Have you ever gotten a date that was more attractive than you were?
Please give me some encouraging links or examples so I can overcome approach anxiety.

Also, on a separate note.
I know where two girls in my neighborhood live as I have seen them drive by or go into their house. How should I approach them if they are almost always indoors?
 

Sub-Zero

Tool-Bearing Hominid
Tool-Bearing Hominid
Joined
Sep 6, 2014
Messages
836
Check out the newbie assignment.

And look up all the articles about approach anxiety.

It'll help, but you can't depend on it, it helps to adjust your mind, but you still have to push through and do it.

So you'll still have that fear, but with the articles you'll be able to handle it better.
 

Cody Lyans

Tribal Elder
Tribal Elder
Joined
Mar 8, 2019
Messages
140
I was 30kg overweight last year and it DID have that effect even on me. Mostly because I knew it'd be a tough hill to climb because girls would label me unfit, unmotivated, etc. It isn't necessarily the weight or the way you look, it is more the attempt to not do anything about it. So I got my booty to the gym and made it evident I was working hard and then the window opened up. Not every girl was like "how you doin" but a few of them did and that gets things started back up.

If it is a legitimate concern, do what you can about it.
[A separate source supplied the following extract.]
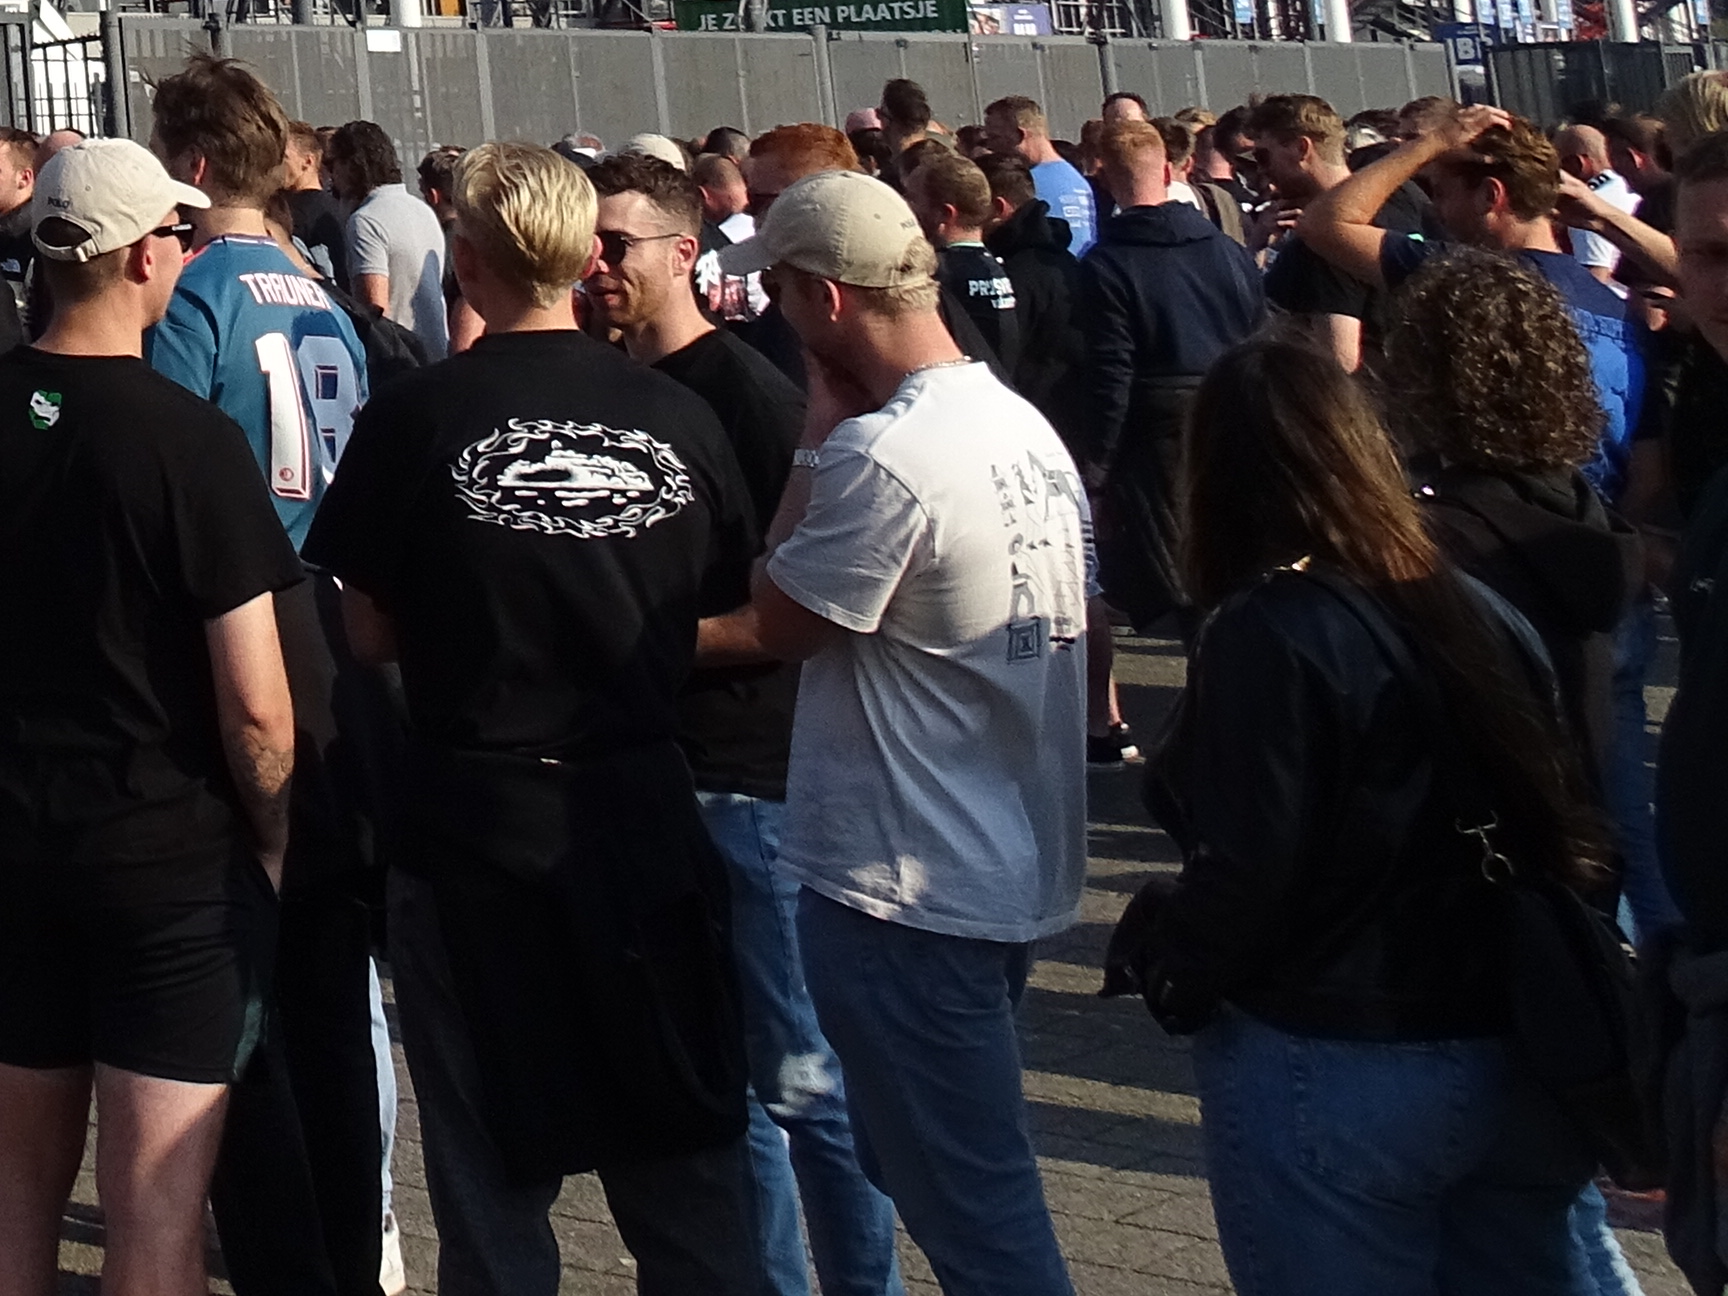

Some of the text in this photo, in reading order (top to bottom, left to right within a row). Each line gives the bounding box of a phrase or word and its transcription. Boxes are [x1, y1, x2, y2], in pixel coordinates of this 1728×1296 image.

[698, 0, 939, 31] JE ZKT EEN PLAATSJE
[239, 272, 332, 309] TRAUNER
[254, 332, 362, 501] 18
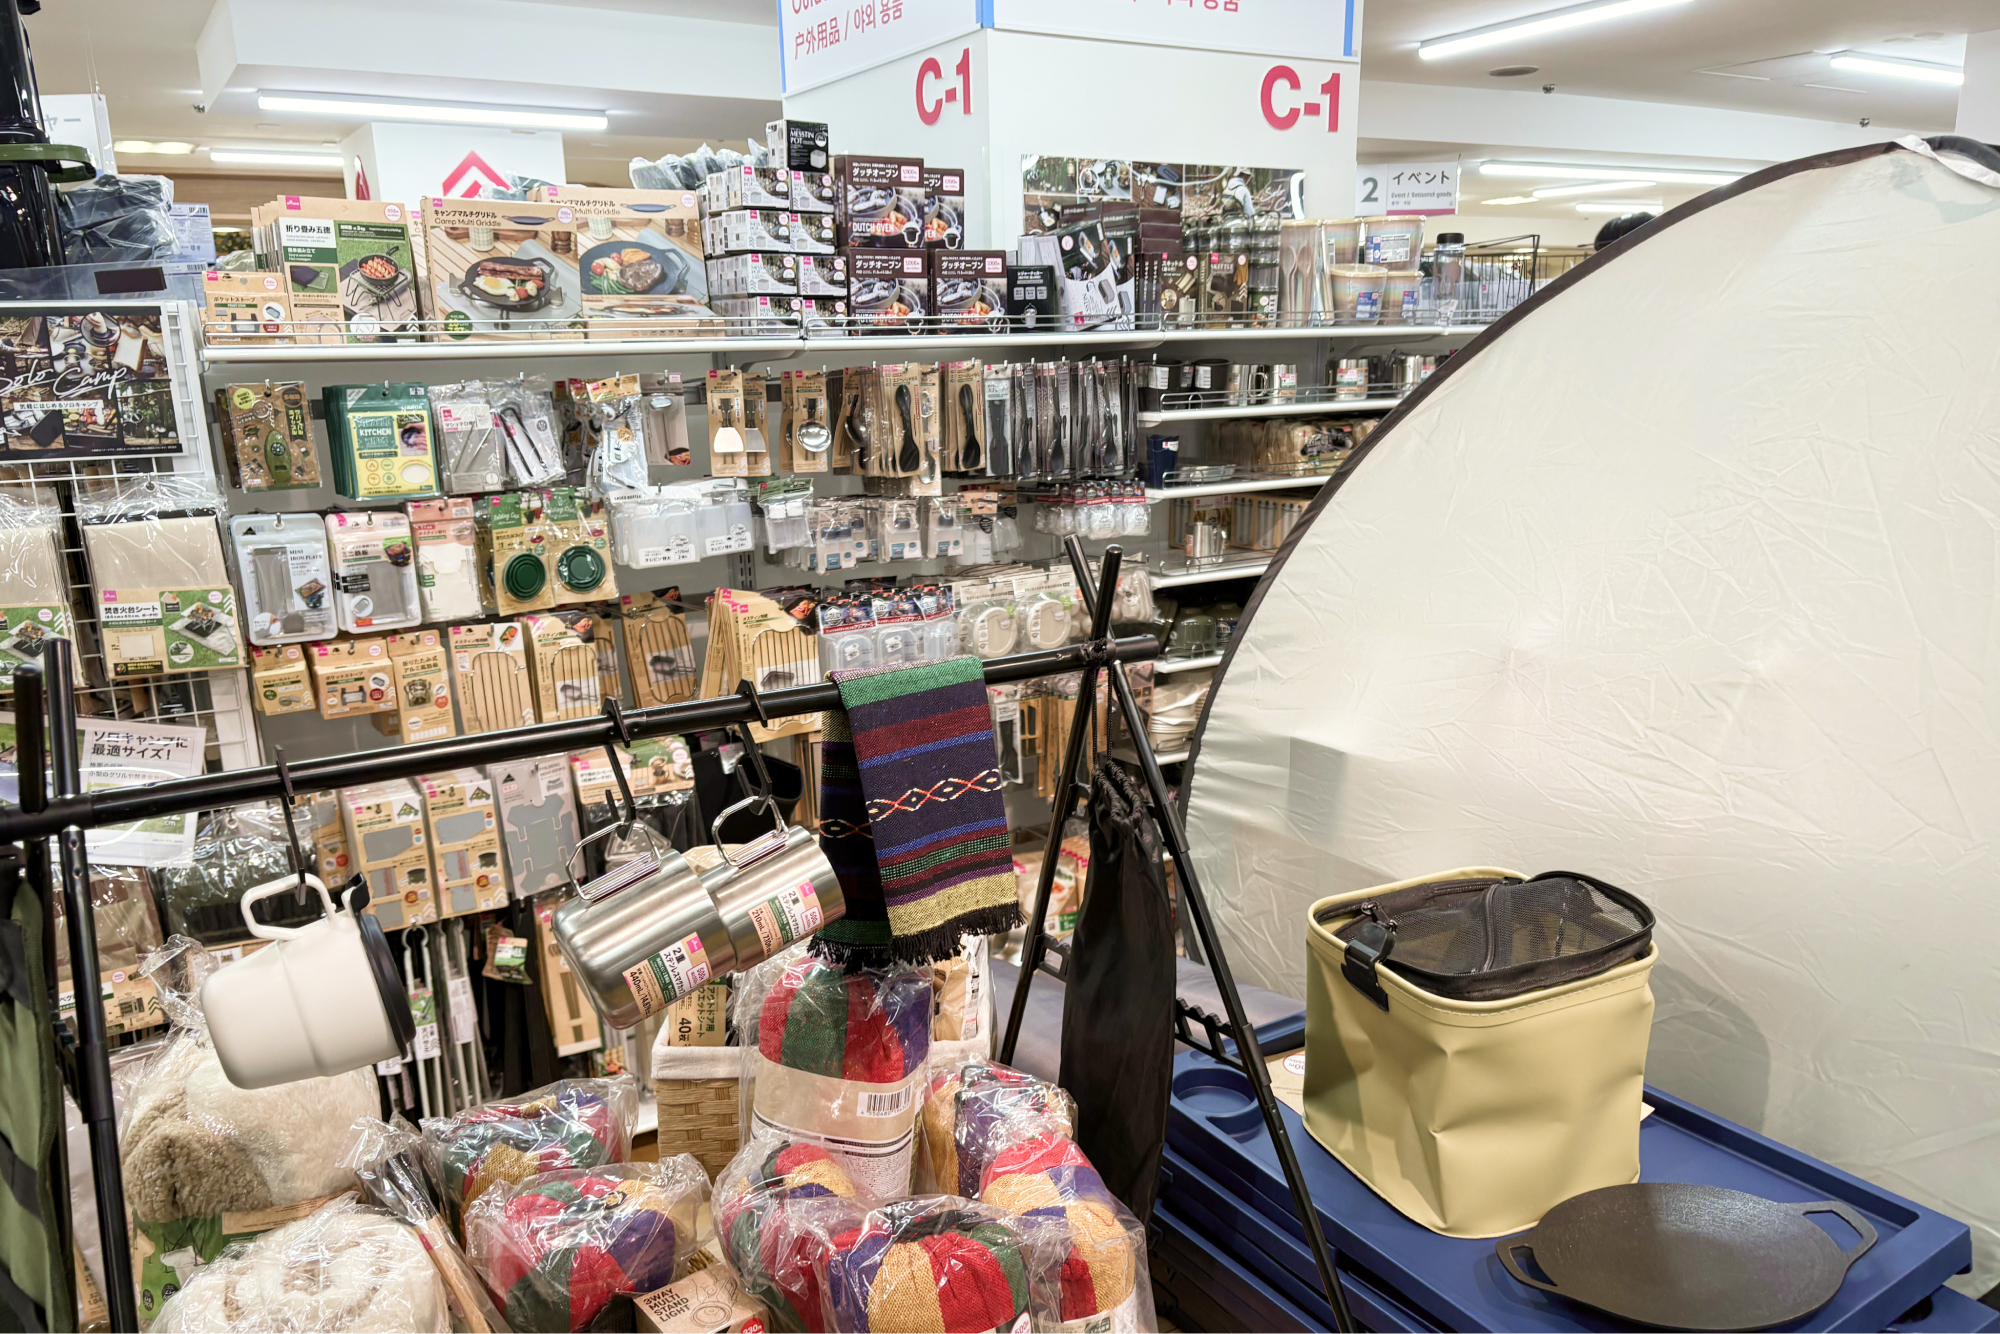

If it is just because you've always felt this way, then call bullshit on it and don't obsess on your looks. Fix up your inner state of mind so it in itself is sexy. So for example be contagiously fun, or considerate socially, byronic, and that will catch their attention more than your look. You know how you notice a persons relationship to everyone other than you first before judging them? And you automatically assume they are cooler than you? Well that works two ways, one to destroy your self esteem if you believe in it too much, and the other way is to help you build your self esteem by using it to your advantage. You act fun, then others surround you and then others think "hey this guy has IT", and that gets you started. You don't even need others around proofing you, people can tell if people would surround you or not by the vibe you give off.

If this doesn't work, try this weird trick I used to use. I used to try to think of an obscure childrens cartoon episode I haven't thought about in like 20 something years.
Like, I'll search my obscure memory banks for something ludicrous. It creates two effects nostalgia and immediate uncontrollable amusement. Like I'll think of some owl in the koala cartoon, and start laughing my ass off cuz its so fn stupid. A wave of nostalgia washes over me, and then I'm like "hi?!" with a good sense of affability to me.

Worst case scenario where you can't do any of this, don't let it stop you over text, be open and cool in text and you can warm girls up to your "ugly face" online, until they are happy you are doing stuff about it and wanna see you anyway.